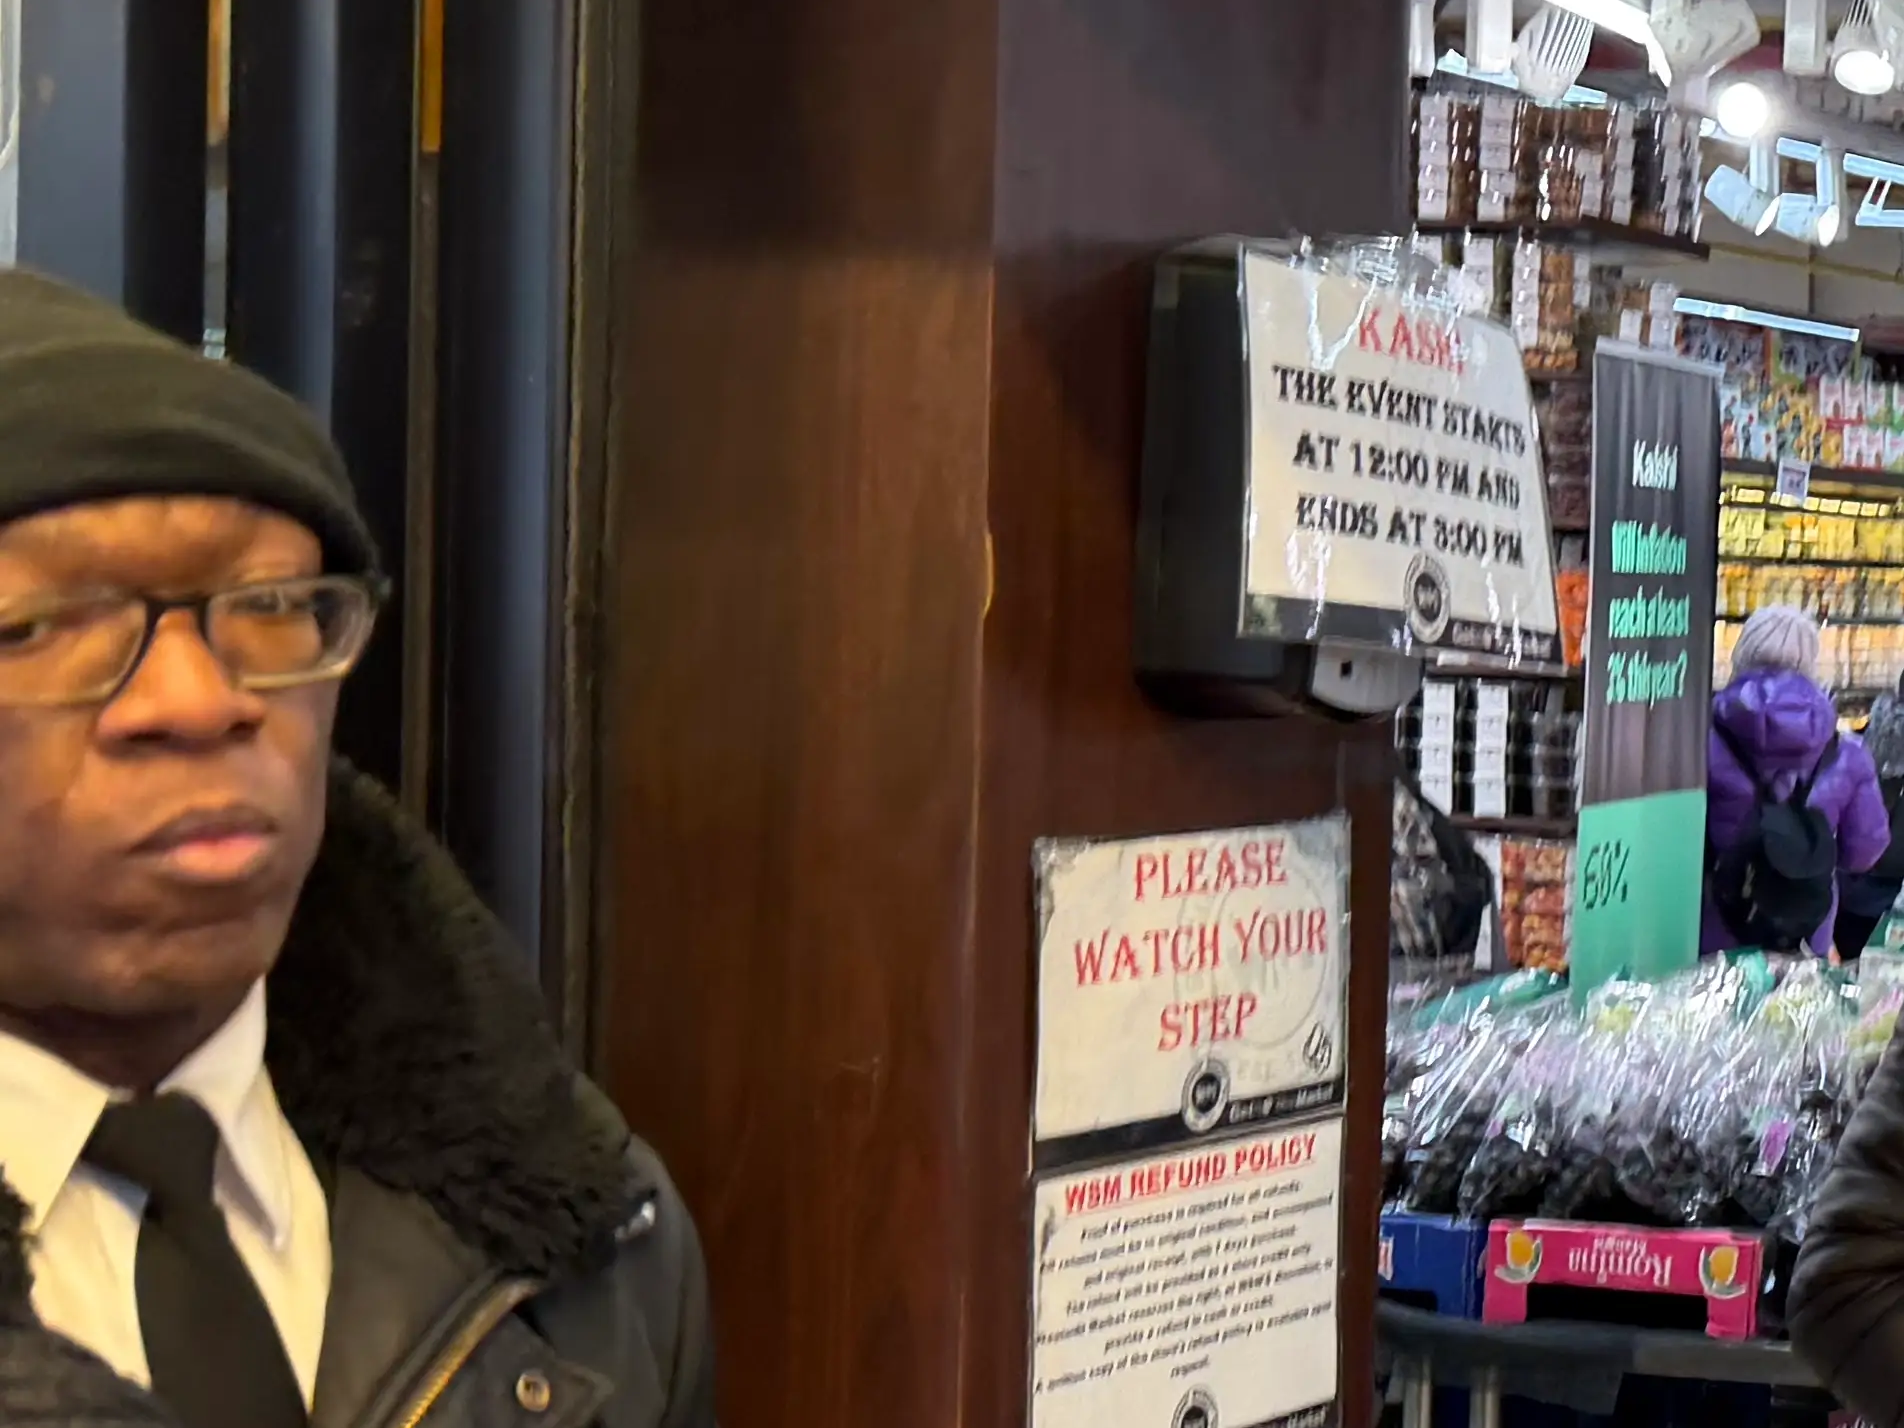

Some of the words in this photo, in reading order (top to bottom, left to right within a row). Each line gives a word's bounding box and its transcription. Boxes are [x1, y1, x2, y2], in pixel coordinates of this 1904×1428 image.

[1271, 365, 1337, 410] THE
[1346, 378, 1438, 427] EVENT
[1442, 397, 1527, 458] STARTS
[1292, 430, 1339, 470] AT
[1350, 440, 1429, 492] 12:00
[1436, 460, 1470, 497] PM
[1477, 465, 1521, 510] AND
[1632, 439, 1678, 491] Kalshi
[1295, 495, 1379, 538] ENDS
[1386, 506, 1427, 547] AT
[1493, 526, 1524, 569] PM
[1135, 838, 1288, 902] PLEASE
[1073, 923, 1222, 988] WATCH
[1234, 907, 1328, 961] YOUR
[1158, 993, 1259, 1052] STEP
[1130, 1151, 1227, 1200] REFUND
[1234, 1133, 1318, 1171] POLICY
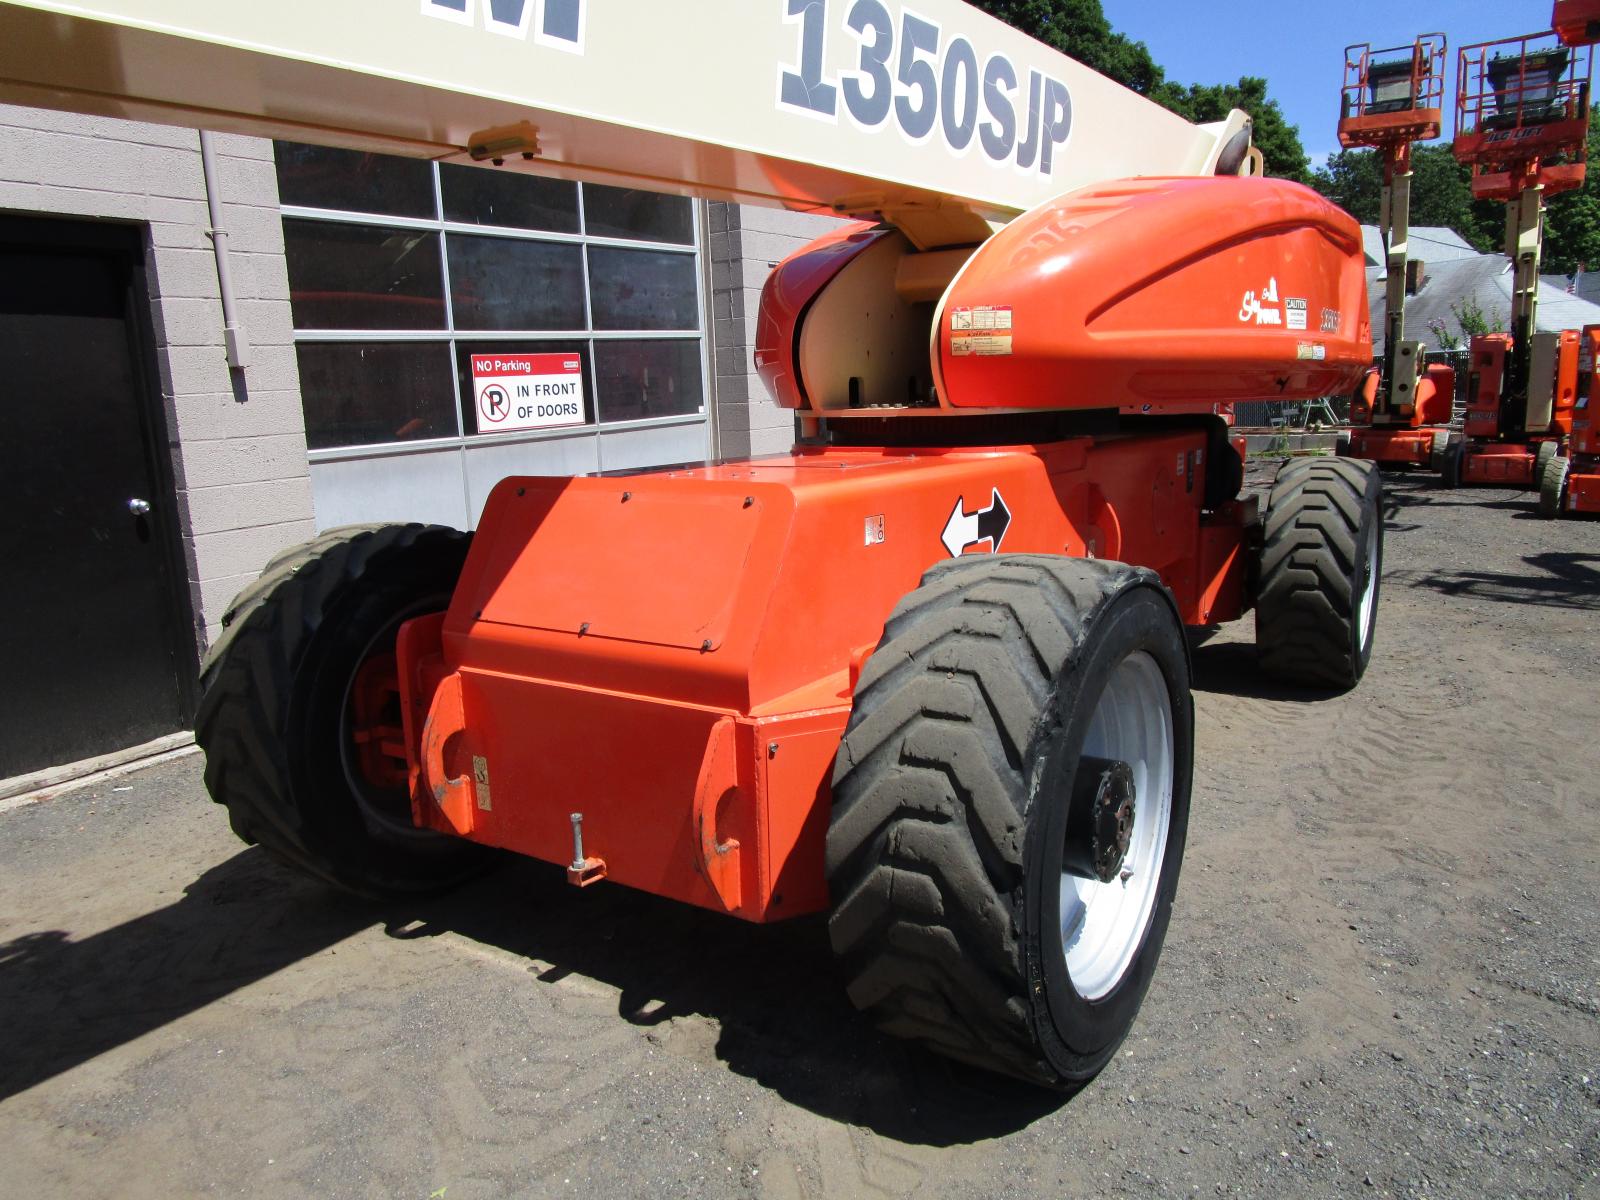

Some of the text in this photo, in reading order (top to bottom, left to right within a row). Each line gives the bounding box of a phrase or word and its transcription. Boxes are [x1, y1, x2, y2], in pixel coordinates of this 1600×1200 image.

[775, 0, 1073, 183] 1350SJP
[476, 360, 531, 372] NO Parking
[517, 382, 576, 397] IN FRONT
[517, 403, 578, 418] OF DOORS
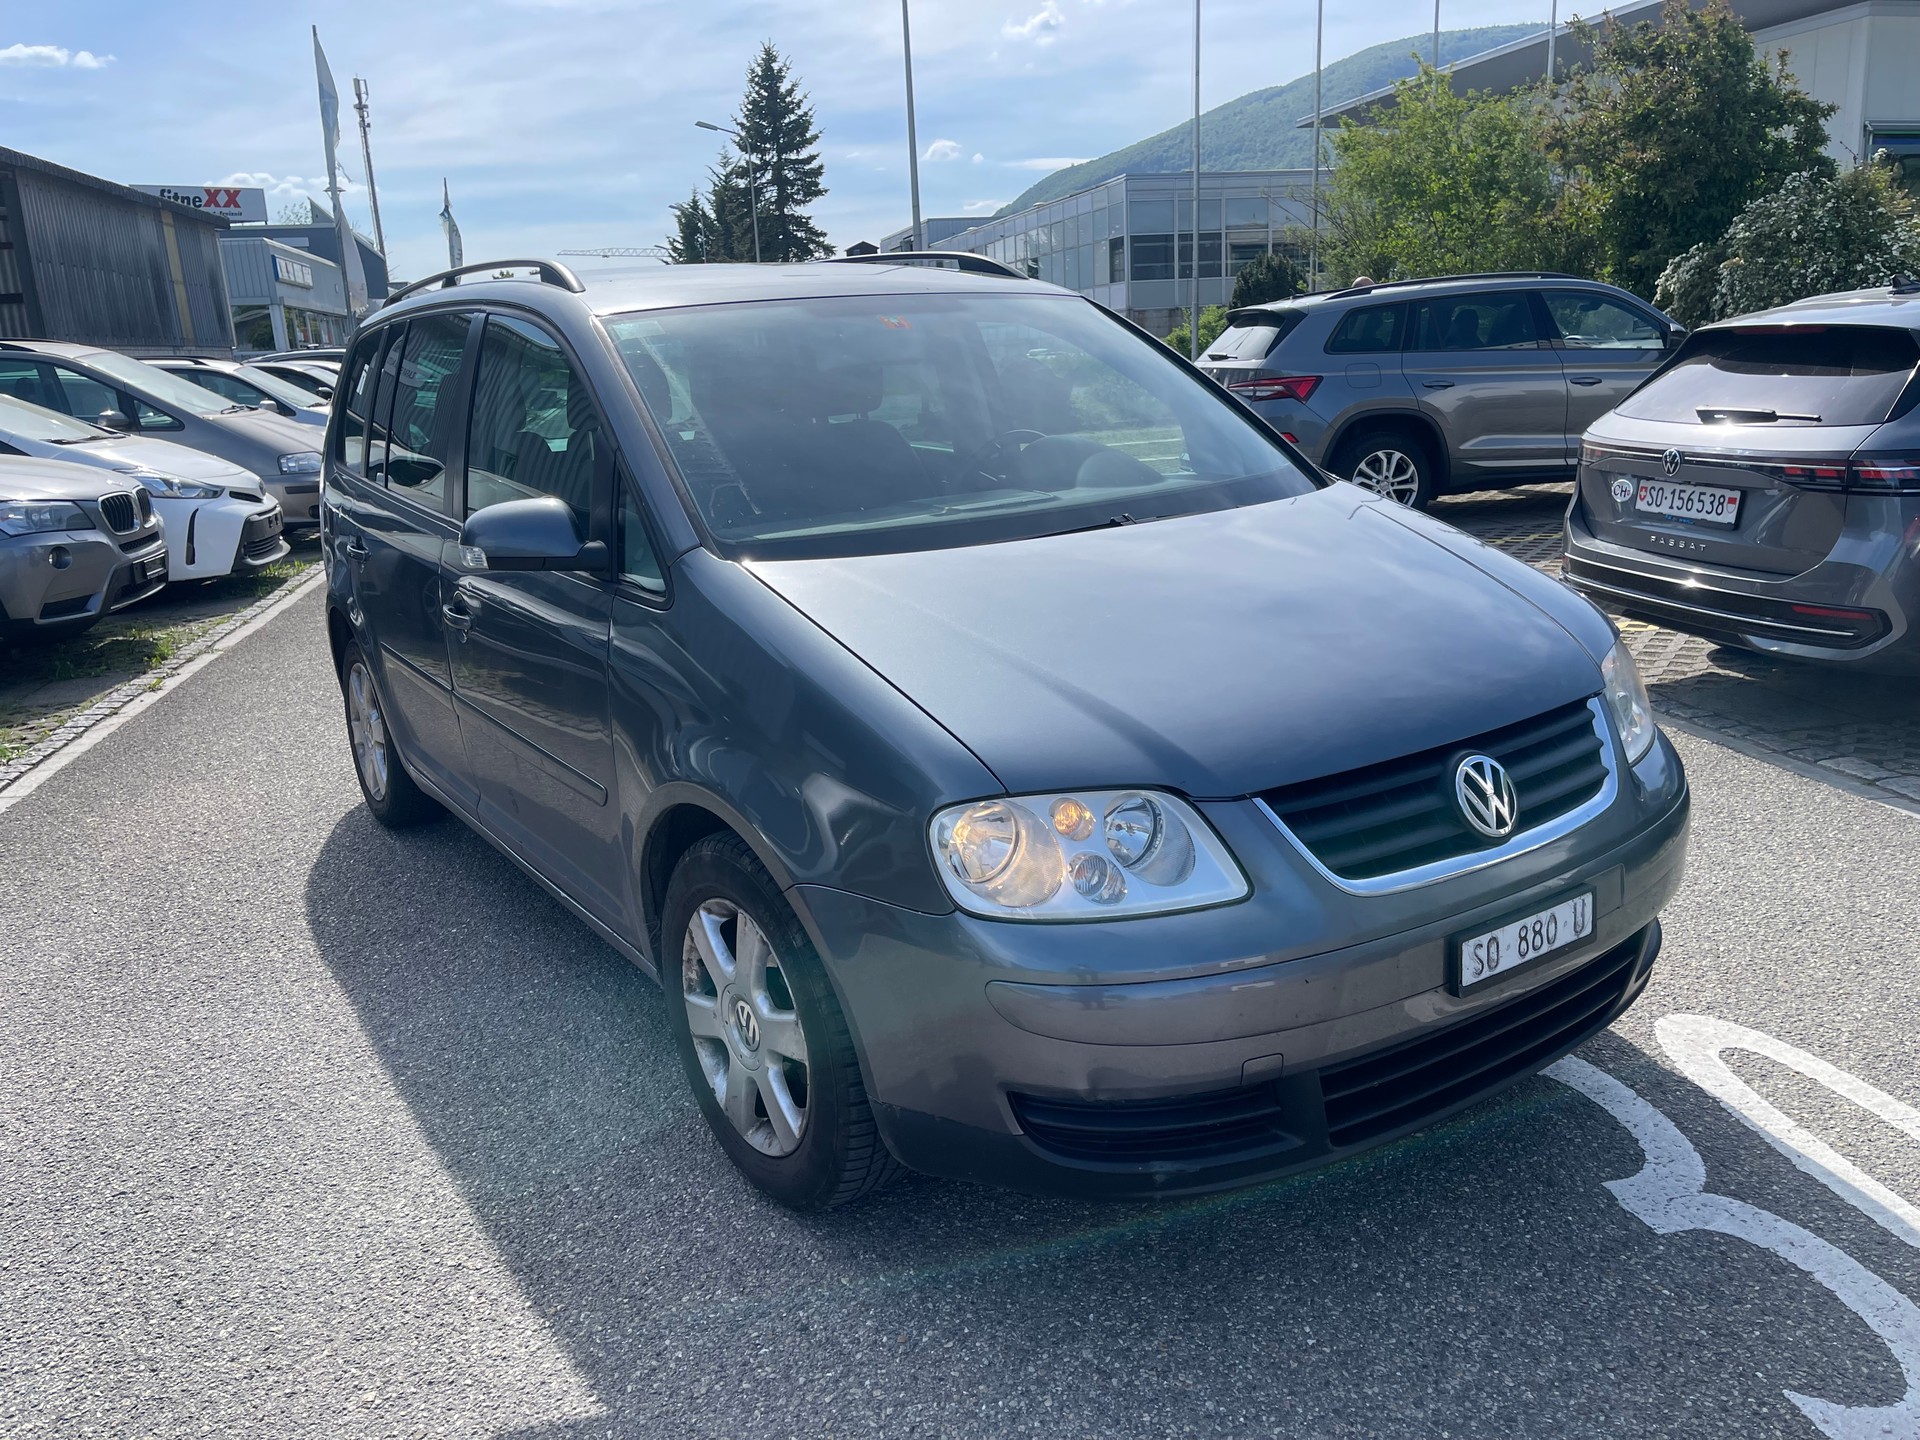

════════════════════

> **Prompt**: Leave every picture out. Retype the remaining data exactly.

> **Exercise response**:
Some of the words in this photo, in reading order (top to bottom, left to right within a row). Each line gives a word's bounding box and its transcription. Boxes are [x1, y1, x2, y2], in pixel coordinates of this 1904×1428 image.

[1271, 365, 1337, 410] THE
[1346, 378, 1438, 427] EVENT
[1442, 397, 1527, 458] STARTS
[1292, 430, 1339, 470] AT
[1350, 440, 1429, 492] 12:00
[1436, 460, 1470, 497] PM
[1477, 465, 1521, 510] AND
[1632, 439, 1678, 491] Kalshi
[1295, 495, 1379, 538] ENDS
[1386, 506, 1427, 547] AT
[1493, 526, 1524, 569] PM
[1135, 838, 1288, 902] PLEASE
[1073, 923, 1222, 988] WATCH
[1234, 907, 1328, 961] YOUR
[1158, 993, 1259, 1052] STEP
[1130, 1151, 1227, 1200] REFUND
[1234, 1133, 1318, 1171] POLICY

Some of the text in this photo, in reading order (top to bottom, left to right within a row). Each line gives the bounding box of a phrase or word and its transcription. Boxes are [x1, y1, x2, y2], in pixel coordinates of this 1600×1200 image.

[775, 0, 1073, 183] 1350SJP
[476, 360, 531, 372] NO Parking
[517, 382, 576, 397] IN FRONT
[517, 403, 578, 418] OF DOORS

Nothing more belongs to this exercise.